PROBLEM DETAILS:
Copy the data below verbatim, leaving no line out.

EXCERPTED RECORDS:
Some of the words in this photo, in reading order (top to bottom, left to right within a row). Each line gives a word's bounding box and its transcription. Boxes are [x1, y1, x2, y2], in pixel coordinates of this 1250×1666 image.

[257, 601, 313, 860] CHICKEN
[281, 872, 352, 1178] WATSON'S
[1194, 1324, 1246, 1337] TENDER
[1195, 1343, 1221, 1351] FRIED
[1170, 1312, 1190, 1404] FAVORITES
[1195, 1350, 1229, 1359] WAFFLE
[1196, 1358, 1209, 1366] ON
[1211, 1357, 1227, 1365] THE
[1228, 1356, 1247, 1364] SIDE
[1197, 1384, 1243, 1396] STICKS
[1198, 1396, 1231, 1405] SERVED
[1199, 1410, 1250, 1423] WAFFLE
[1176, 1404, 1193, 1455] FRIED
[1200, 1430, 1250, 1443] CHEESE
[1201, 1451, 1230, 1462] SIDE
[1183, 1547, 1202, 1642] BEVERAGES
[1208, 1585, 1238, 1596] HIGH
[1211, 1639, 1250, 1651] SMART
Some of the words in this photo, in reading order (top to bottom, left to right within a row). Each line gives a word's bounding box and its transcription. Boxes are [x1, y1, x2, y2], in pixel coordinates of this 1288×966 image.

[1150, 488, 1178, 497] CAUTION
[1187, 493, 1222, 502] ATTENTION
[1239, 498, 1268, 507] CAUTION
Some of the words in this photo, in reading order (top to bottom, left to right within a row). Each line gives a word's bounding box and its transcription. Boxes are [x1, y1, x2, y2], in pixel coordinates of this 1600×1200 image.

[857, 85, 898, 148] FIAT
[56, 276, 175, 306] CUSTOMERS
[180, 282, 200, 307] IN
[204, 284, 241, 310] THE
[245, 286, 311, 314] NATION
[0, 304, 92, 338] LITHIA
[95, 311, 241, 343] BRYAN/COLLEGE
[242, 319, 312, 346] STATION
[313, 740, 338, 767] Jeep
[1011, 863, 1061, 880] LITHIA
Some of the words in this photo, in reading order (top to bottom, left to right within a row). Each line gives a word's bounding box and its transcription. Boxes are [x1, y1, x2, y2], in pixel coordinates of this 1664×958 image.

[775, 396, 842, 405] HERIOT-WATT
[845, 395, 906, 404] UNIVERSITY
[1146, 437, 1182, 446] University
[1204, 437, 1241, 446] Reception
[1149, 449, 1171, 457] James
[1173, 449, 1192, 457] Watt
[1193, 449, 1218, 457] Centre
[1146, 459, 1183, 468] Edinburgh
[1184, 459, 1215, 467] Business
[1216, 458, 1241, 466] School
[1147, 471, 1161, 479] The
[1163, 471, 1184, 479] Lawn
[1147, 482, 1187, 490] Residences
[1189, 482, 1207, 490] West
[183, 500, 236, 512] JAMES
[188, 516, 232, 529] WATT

RESPONSE TO THE TASK:
Some of the words in this photo, in reading order (top to bottom, left to right within a row). Each line gives a word's bounding box and its transcription. Boxes are [x1, y1, x2, y2], in pixel coordinates of this 1250×1666 image.

[257, 601, 313, 860] CHICKEN
[281, 872, 352, 1178] WATSON'S
[1194, 1324, 1246, 1337] TENDER
[1195, 1343, 1221, 1351] FRIED
[1170, 1312, 1190, 1404] FAVORITES
[1195, 1350, 1229, 1359] WAFFLE
[1196, 1358, 1209, 1366] ON
[1211, 1357, 1227, 1365] THE
[1228, 1356, 1247, 1364] SIDE
[1197, 1384, 1243, 1396] STICKS
[1198, 1396, 1231, 1405] SERVED
[1199, 1410, 1250, 1423] WAFFLE
[1176, 1404, 1193, 1455] FRIED
[1200, 1430, 1250, 1443] CHEESE
[1201, 1451, 1230, 1462] SIDE
[1183, 1547, 1202, 1642] BEVERAGES
[1208, 1585, 1238, 1596] HIGH
[1211, 1639, 1250, 1651] SMART
Some of the words in this photo, in reading order (top to bottom, left to right within a row). Each line gives a word's bounding box and its transcription. Boxes are [x1, y1, x2, y2], in pixel coordinates of this 1288×966 image.

[1150, 488, 1178, 497] CAUTION
[1187, 493, 1222, 502] ATTENTION
[1239, 498, 1268, 507] CAUTION
Some of the words in this photo, in reading order (top to bottom, left to right within a row). Each line gives a word's bounding box and its transcription. Boxes are [x1, y1, x2, y2], in pixel coordinates of this 1600×1200 image.

[857, 85, 898, 148] FIAT
[56, 276, 175, 306] CUSTOMERS
[180, 282, 200, 307] IN
[204, 284, 241, 310] THE
[245, 286, 311, 314] NATION
[0, 304, 92, 338] LITHIA
[95, 311, 241, 343] BRYAN/COLLEGE
[242, 319, 312, 346] STATION
[313, 740, 338, 767] Jeep
[1011, 863, 1061, 880] LITHIA
Some of the words in this photo, in reading order (top to bottom, left to right within a row). Each line gives a word's bounding box and its transcription. Boxes are [x1, y1, x2, y2], in pixel coordinates of this 1664×958 image.

[775, 396, 842, 405] HERIOT-WATT
[845, 395, 906, 404] UNIVERSITY
[1146, 437, 1182, 446] University
[1204, 437, 1241, 446] Reception
[1149, 449, 1171, 457] James
[1173, 449, 1192, 457] Watt
[1193, 449, 1218, 457] Centre
[1146, 459, 1183, 468] Edinburgh
[1184, 459, 1215, 467] Business
[1216, 458, 1241, 466] School
[1147, 471, 1161, 479] The
[1163, 471, 1184, 479] Lawn
[1147, 482, 1187, 490] Residences
[1189, 482, 1207, 490] West
[183, 500, 236, 512] JAMES
[188, 516, 232, 529] WATT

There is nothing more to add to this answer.